> WHAT YOU WILL DO:
Output the listing below verbatim.

> DATA TO EXAMINE:
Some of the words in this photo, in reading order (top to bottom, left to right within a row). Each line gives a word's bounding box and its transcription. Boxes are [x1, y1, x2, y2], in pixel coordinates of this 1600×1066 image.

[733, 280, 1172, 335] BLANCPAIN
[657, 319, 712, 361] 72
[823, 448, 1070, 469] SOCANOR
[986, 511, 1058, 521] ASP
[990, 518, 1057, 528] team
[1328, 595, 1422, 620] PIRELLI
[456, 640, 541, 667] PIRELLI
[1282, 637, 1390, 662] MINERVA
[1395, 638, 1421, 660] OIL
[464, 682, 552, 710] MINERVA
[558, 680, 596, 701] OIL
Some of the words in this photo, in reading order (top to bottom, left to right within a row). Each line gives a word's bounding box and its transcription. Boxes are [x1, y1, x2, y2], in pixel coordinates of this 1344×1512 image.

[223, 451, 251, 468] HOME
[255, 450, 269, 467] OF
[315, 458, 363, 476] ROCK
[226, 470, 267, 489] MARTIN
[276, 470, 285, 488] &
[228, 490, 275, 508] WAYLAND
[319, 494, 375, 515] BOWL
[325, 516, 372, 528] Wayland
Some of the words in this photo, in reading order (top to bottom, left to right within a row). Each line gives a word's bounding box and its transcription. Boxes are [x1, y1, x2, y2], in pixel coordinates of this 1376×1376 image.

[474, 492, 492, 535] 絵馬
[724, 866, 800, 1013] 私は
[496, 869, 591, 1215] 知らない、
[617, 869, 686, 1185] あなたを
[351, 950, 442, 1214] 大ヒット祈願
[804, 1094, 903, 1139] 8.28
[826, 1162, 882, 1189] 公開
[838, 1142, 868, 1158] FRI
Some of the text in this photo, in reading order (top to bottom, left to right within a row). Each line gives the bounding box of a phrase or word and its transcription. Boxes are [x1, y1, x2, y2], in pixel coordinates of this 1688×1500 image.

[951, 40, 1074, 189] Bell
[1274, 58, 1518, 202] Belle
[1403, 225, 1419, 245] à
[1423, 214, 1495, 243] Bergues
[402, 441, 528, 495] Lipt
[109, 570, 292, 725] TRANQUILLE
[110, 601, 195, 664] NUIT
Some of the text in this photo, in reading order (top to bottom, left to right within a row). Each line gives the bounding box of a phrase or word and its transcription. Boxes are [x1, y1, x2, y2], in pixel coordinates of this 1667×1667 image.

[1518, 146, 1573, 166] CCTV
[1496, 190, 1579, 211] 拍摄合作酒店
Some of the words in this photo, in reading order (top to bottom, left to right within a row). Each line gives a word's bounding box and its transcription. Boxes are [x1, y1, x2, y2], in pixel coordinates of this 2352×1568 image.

> SOLVED PROBLEM:
Some of the words in this photo, in reading order (top to bottom, left to right within a row). Each line gives a word's bounding box and its transcription. Boxes are [x1, y1, x2, y2], in pixel coordinates of this 1600×1066 image.

[733, 280, 1172, 335] BLANCPAIN
[657, 319, 712, 361] 72
[823, 448, 1070, 469] SOCANOR
[986, 511, 1058, 521] ASP
[990, 518, 1057, 528] team
[1328, 595, 1422, 620] PIRELLI
[456, 640, 541, 667] PIRELLI
[1282, 637, 1390, 662] MINERVA
[1395, 638, 1421, 660] OIL
[464, 682, 552, 710] MINERVA
[558, 680, 596, 701] OIL
Some of the words in this photo, in reading order (top to bottom, left to right within a row). Each line gives a word's bounding box and its transcription. Boxes are [x1, y1, x2, y2], in pixel coordinates of this 1344×1512 image.

[223, 451, 251, 468] HOME
[255, 450, 269, 467] OF
[315, 458, 363, 476] ROCK
[226, 470, 267, 489] MARTIN
[276, 470, 285, 488] &
[228, 490, 275, 508] WAYLAND
[319, 494, 375, 515] BOWL
[325, 516, 372, 528] Wayland
Some of the words in this photo, in reading order (top to bottom, left to right within a row). Each line gives a word's bounding box and its transcription. Boxes are [x1, y1, x2, y2], in pixel coordinates of this 1376×1376 image.

[474, 492, 492, 535] 絵馬
[724, 866, 800, 1013] 私は
[496, 869, 591, 1215] 知らない、
[617, 869, 686, 1185] あなたを
[351, 950, 442, 1214] 大ヒット祈願
[804, 1094, 903, 1139] 8.28
[826, 1162, 882, 1189] 公開
[838, 1142, 868, 1158] FRI
Some of the text in this photo, in reading order (top to bottom, left to right within a row). Each line gives the bounding box of a phrase or word and its transcription. Boxes are [x1, y1, x2, y2], in pixel coordinates of this 1688×1500 image.

[951, 40, 1074, 189] Bell
[1274, 58, 1518, 202] Belle
[1403, 225, 1419, 245] à
[1423, 214, 1495, 243] Bergues
[402, 441, 528, 495] Lipt
[109, 570, 292, 725] TRANQUILLE
[110, 601, 195, 664] NUIT
Some of the text in this photo, in reading order (top to bottom, left to right within a row). Each line gives the bounding box of a phrase or word and its transcription. Boxes are [x1, y1, x2, y2], in pixel coordinates of this 1667×1667 image.

[1518, 146, 1573, 166] CCTV
[1496, 190, 1579, 211] 拍摄合作酒店
Some of the words in this photo, in reading order (top to bottom, left to right within a row). Each line gives a word's bounding box and its transcription. Boxes are [x1, y1, x2, y2], in pixel coordinates of this 2352×1568 image.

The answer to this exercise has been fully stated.